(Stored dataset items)

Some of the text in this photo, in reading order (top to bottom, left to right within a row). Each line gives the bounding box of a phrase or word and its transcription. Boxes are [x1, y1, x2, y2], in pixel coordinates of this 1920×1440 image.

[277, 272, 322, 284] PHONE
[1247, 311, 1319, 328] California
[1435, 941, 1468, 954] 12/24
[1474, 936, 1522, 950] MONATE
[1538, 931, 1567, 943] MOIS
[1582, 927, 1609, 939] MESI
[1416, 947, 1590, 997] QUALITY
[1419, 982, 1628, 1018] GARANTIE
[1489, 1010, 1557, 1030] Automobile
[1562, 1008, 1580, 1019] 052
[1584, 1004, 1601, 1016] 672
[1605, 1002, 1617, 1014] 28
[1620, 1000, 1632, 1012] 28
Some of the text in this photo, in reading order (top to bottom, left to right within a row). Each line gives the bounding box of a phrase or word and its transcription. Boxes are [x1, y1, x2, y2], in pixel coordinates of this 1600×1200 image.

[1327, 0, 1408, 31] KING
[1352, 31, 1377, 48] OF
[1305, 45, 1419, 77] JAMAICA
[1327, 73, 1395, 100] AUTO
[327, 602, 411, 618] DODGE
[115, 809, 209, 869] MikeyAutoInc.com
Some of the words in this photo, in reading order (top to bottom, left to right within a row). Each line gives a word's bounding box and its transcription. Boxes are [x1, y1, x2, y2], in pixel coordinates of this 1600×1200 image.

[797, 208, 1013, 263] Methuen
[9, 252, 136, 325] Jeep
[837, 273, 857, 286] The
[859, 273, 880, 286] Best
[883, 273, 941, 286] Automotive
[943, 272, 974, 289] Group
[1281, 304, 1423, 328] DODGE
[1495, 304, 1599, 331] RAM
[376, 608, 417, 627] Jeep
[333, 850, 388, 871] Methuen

- Problem statement -
Restate the records word for word, leaving nothing out.

- Answer -
Some of the text in this photo, in reading order (top to bottom, left to right within a row). Each line gives the bounding box of a phrase or word and its transcription. Boxes are [x1, y1, x2, y2], in pixel coordinates of this 1920×1440 image.

[277, 272, 322, 284] PHONE
[1247, 311, 1319, 328] California
[1435, 941, 1468, 954] 12/24
[1474, 936, 1522, 950] MONATE
[1538, 931, 1567, 943] MOIS
[1582, 927, 1609, 939] MESI
[1416, 947, 1590, 997] QUALITY
[1419, 982, 1628, 1018] GARANTIE
[1489, 1010, 1557, 1030] Automobile
[1562, 1008, 1580, 1019] 052
[1584, 1004, 1601, 1016] 672
[1605, 1002, 1617, 1014] 28
[1620, 1000, 1632, 1012] 28
Some of the text in this photo, in reading order (top to bottom, left to right within a row). Each line gives the bounding box of a phrase or word and its transcription. Boxes are [x1, y1, x2, y2], in pixel coordinates of this 1600×1200 image.

[1327, 0, 1408, 31] KING
[1352, 31, 1377, 48] OF
[1305, 45, 1419, 77] JAMAICA
[1327, 73, 1395, 100] AUTO
[327, 602, 411, 618] DODGE
[115, 809, 209, 869] MikeyAutoInc.com
Some of the words in this photo, in reading order (top to bottom, left to right within a row). Each line gives a word's bounding box and its transcription. Boxes are [x1, y1, x2, y2], in pixel coordinates of this 1600×1200 image.

[797, 208, 1013, 263] Methuen
[9, 252, 136, 325] Jeep
[837, 273, 857, 286] The
[859, 273, 880, 286] Best
[883, 273, 941, 286] Automotive
[943, 272, 974, 289] Group
[1281, 304, 1423, 328] DODGE
[1495, 304, 1599, 331] RAM
[376, 608, 417, 627] Jeep
[333, 850, 388, 871] Methuen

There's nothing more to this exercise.